• Task statement: Print the whole listing, keeping every line exactly as given.

• Extracted information:

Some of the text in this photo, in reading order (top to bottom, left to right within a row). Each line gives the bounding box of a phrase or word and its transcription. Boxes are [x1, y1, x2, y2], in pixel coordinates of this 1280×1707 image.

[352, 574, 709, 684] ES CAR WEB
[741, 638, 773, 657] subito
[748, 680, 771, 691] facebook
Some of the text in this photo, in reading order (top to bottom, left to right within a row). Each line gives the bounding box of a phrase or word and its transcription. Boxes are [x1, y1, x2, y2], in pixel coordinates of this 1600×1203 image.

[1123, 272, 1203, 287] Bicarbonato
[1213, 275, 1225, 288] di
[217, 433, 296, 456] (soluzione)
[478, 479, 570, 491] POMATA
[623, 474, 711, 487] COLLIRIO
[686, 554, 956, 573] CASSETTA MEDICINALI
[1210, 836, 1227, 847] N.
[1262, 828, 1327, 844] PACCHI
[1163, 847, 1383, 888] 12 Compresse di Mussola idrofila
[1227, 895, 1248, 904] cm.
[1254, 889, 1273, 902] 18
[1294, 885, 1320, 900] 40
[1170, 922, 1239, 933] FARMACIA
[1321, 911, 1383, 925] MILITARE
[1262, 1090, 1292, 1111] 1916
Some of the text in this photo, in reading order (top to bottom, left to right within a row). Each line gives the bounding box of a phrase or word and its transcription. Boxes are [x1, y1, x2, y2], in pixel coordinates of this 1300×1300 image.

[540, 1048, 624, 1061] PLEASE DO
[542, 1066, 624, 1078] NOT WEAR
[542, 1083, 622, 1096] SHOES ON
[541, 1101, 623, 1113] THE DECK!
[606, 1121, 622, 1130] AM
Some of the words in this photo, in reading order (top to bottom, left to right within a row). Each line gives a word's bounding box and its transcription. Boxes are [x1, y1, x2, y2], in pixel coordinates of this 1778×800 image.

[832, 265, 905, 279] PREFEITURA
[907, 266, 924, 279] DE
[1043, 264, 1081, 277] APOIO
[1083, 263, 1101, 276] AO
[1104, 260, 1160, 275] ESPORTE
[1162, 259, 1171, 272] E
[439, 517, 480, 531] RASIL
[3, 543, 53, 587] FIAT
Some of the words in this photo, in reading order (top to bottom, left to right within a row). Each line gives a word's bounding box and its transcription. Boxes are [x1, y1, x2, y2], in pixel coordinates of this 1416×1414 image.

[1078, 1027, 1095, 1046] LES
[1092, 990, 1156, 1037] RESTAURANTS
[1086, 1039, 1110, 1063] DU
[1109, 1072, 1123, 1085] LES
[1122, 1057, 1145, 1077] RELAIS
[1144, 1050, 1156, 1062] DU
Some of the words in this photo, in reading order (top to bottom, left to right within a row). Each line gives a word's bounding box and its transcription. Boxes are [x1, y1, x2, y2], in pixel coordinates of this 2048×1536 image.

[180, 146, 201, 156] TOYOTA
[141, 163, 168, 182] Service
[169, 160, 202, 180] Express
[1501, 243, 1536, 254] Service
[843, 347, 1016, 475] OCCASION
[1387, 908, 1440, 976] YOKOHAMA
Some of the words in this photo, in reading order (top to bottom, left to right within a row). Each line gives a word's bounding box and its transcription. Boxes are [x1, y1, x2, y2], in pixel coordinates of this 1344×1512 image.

• Solution for this problem:
Some of the text in this photo, in reading order (top to bottom, left to right within a row). Each line gives the bounding box of a phrase or word and its transcription. Boxes are [x1, y1, x2, y2], in pixel coordinates of this 1280×1707 image.

[352, 574, 709, 684] ES CAR WEB
[741, 638, 773, 657] subito
[748, 680, 771, 691] facebook
Some of the text in this photo, in reading order (top to bottom, left to right within a row). Each line gives the bounding box of a phrase or word and its transcription. Boxes are [x1, y1, x2, y2], in pixel coordinates of this 1600×1203 image.

[1123, 272, 1203, 287] Bicarbonato
[1213, 275, 1225, 288] di
[217, 433, 296, 456] (soluzione)
[478, 479, 570, 491] POMATA
[623, 474, 711, 487] COLLIRIO
[686, 554, 956, 573] CASSETTA MEDICINALI
[1210, 836, 1227, 847] N.
[1262, 828, 1327, 844] PACCHI
[1163, 847, 1383, 888] 12 Compresse di Mussola idrofila
[1227, 895, 1248, 904] cm.
[1254, 889, 1273, 902] 18
[1294, 885, 1320, 900] 40
[1170, 922, 1239, 933] FARMACIA
[1321, 911, 1383, 925] MILITARE
[1262, 1090, 1292, 1111] 1916
Some of the text in this photo, in reading order (top to bottom, left to right within a row). Each line gives the bounding box of a phrase or word and its transcription. Boxes are [x1, y1, x2, y2], in pixel coordinates of this 1300×1300 image.

[540, 1048, 624, 1061] PLEASE DO
[542, 1066, 624, 1078] NOT WEAR
[542, 1083, 622, 1096] SHOES ON
[541, 1101, 623, 1113] THE DECK!
[606, 1121, 622, 1130] AM
Some of the words in this photo, in reading order (top to bottom, left to right within a row). Each line gives a word's bounding box and its transcription. Boxes are [x1, y1, x2, y2], in pixel coordinates of this 1778×800 image.

[832, 265, 905, 279] PREFEITURA
[907, 266, 924, 279] DE
[1043, 264, 1081, 277] APOIO
[1083, 263, 1101, 276] AO
[1104, 260, 1160, 275] ESPORTE
[1162, 259, 1171, 272] E
[439, 517, 480, 531] RASIL
[3, 543, 53, 587] FIAT
Some of the words in this photo, in reading order (top to bottom, left to right within a row). Each line gives a word's bounding box and its transcription. Boxes are [x1, y1, x2, y2], in pixel coordinates of this 1416×1414 image.

[1078, 1027, 1095, 1046] LES
[1092, 990, 1156, 1037] RESTAURANTS
[1086, 1039, 1110, 1063] DU
[1109, 1072, 1123, 1085] LES
[1122, 1057, 1145, 1077] RELAIS
[1144, 1050, 1156, 1062] DU
Some of the words in this photo, in reading order (top to bottom, left to right within a row). Each line gives a word's bounding box and its transcription. Boxes are [x1, y1, x2, y2], in pixel coordinates of this 2048×1536 image.

[180, 146, 201, 156] TOYOTA
[141, 163, 168, 182] Service
[169, 160, 202, 180] Express
[1501, 243, 1536, 254] Service
[843, 347, 1016, 475] OCCASION
[1387, 908, 1440, 976] YOKOHAMA
Some of the words in this photo, in reading order (top to bottom, left to right within a row). Each line gives a word's bounding box and its transcription. Boxes are [x1, y1, x2, y2], in pixel coordinates of this 1344×1512 image.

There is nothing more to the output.